I had children, three of them, two boys and a girl. I always said to them, if you didn't have a job you couldn't leave school and if you have a job, don't leave this one until you find something. Those were my main rules and when you left work at five o'clock, you leave work business, you come home and enjoy being with family at home. And that's still the same. I teach my kids in conversation. We might be watching TV and they'll just ask me. Or we're out driving somewhere and I show them. I've done that with my kids so I'll do it with my grandkids. It's the same way Nan taught us. One grandson he reckons that he's Bunjil's. The other one turn around and says that the old kangaroos are the old blackfellas coming back. I'm teaching them and they're bringing their knowledge, and they say they've been here before. I go with their little stories and we feed from each other.
I used to drive a 12-seater bus, pick up kids, take them to basketball. Come Friday night, basketball again, pick them all up, keep them out of trouble. Saturday take them to football then on a Sunday we'd go and do a Sunday trip for the footy. I'd be feeding these busloads of kids and I'd be the only parent on that bus. Those kids are all grown up now and they respect me as Aunty Titta. That's the thing I used to do for the community. Before any of that I raised my two brothers and my sister for my mum.
I was one of the first to work for the Community Justice Panel in Horsham. I set up a women's group and run the Werrimul Arts and Crafts workshop. I’ve taught women how to use sewing machines and overlockers and we started up a women's group at Goolum Goolum (Aboriginal organisation). I worked for Parks Victoria as the first female Aboriginal summer ranger. I don't like the word Indigenous, but anyway, the first Indigenous Summer Ranger across Victoria. When they put up boards or they talk about the Indigenous side of it, they always bring my photo up. I did the possum skin cloaks for the Commonwealth Games and I wrote myself a little book eleven years ago. I decided to put it out about 18 months ago now it's just going wildfire. I've had interviews all over Australia on radio and I've been to two book shows in Melbourne. It's not a story about AFL or VFL, it is a story about a possum skin football when it was first made and who it was made for. I wanted to write what I'd been told about possum skin balls for the kids of the area. I've been in and out of schools reading my book also doing culture talks for schools across the board.
I can't wait for this exhibition to open so we can go in and have a look and be excited first before anybody else. That's the bit that I'm waiting on, the end bit when it's all put together. I can say to my kids and my grandkids, I was a part of that, and be proud that I've done something for not only just for my family but for everybody back home. That there's part of them in there as well. We can say, this is what we've got. This is our showcase, come and see. We're not gone, we're here still so take a wander and have a look.

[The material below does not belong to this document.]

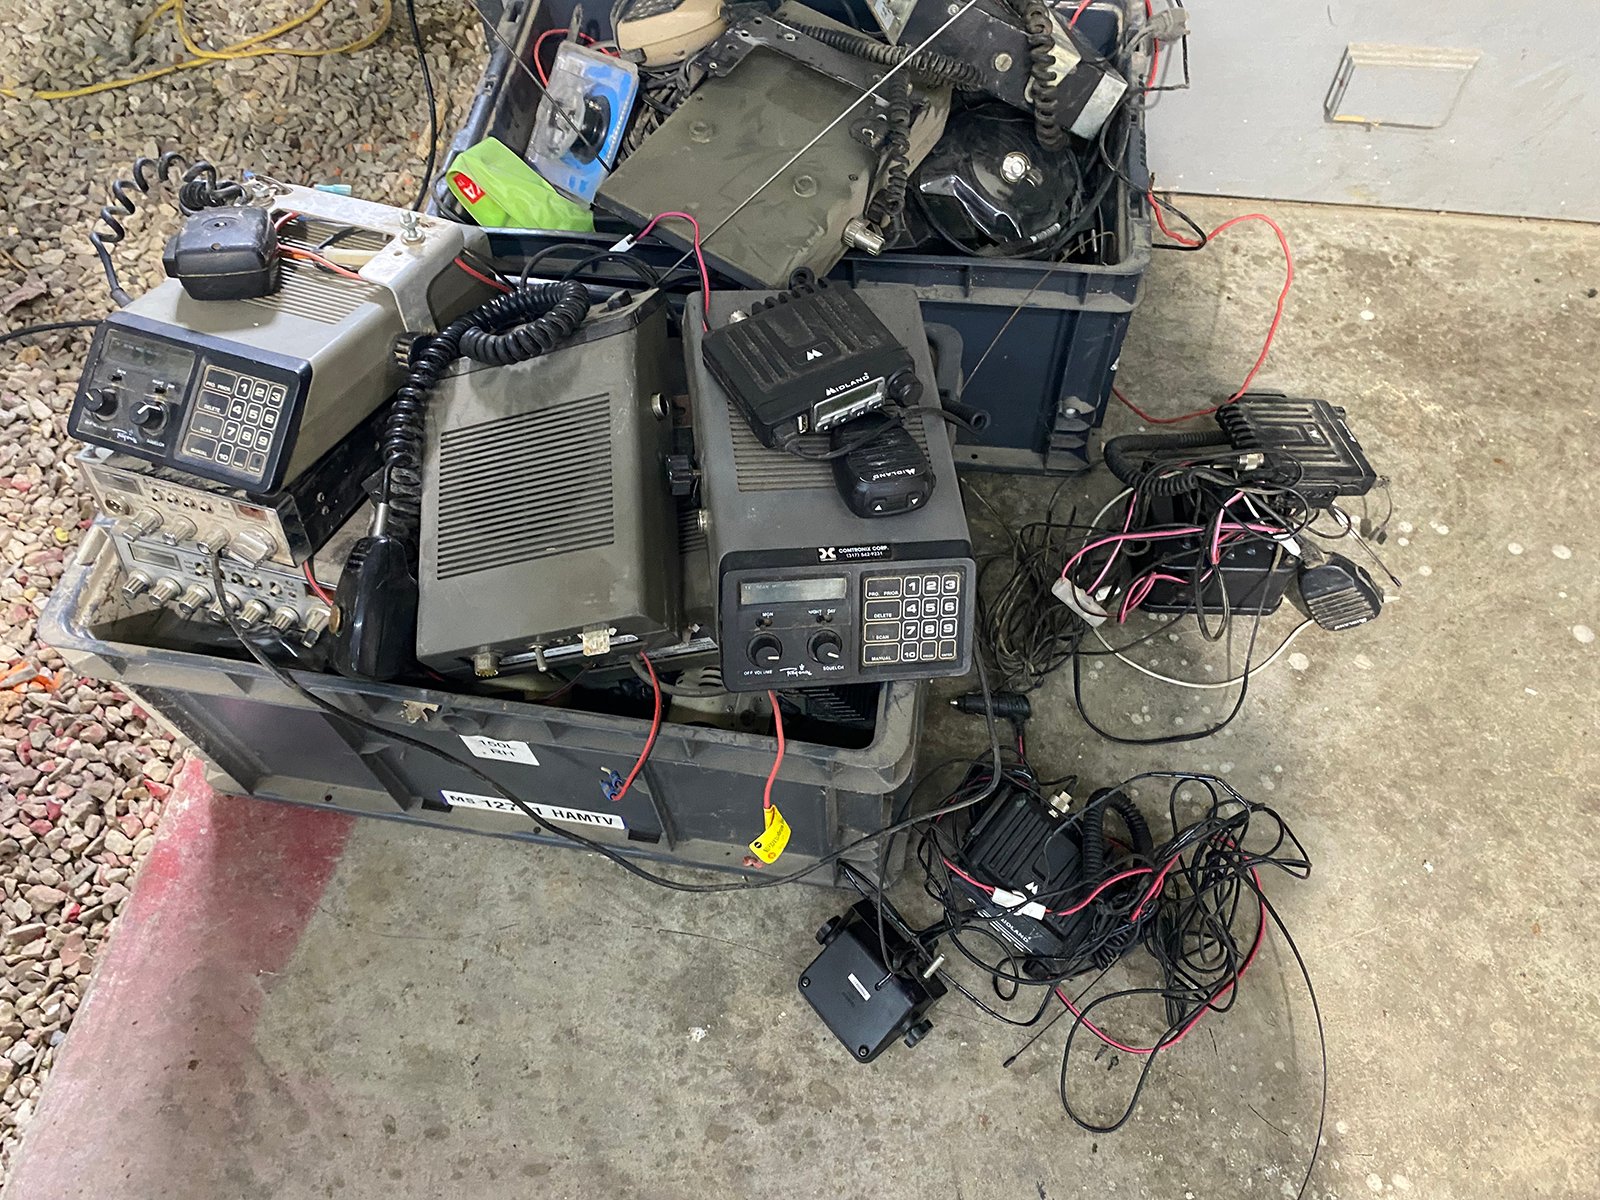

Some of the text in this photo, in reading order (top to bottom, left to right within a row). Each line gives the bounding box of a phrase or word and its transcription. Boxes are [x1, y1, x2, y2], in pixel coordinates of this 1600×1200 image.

Hopefully visitors walk away with ‘I didn't know that’ or’ wow, that was good’. I worked for Brambuk where the public's coming in. Being light-skinned, that was the only problem I had. They expected to see real blackfellas and you're trying to explain to them Victoria don't have that. Where we are now, we're getting that across to the public and without them even knowing that they've been told, they can see for themselves.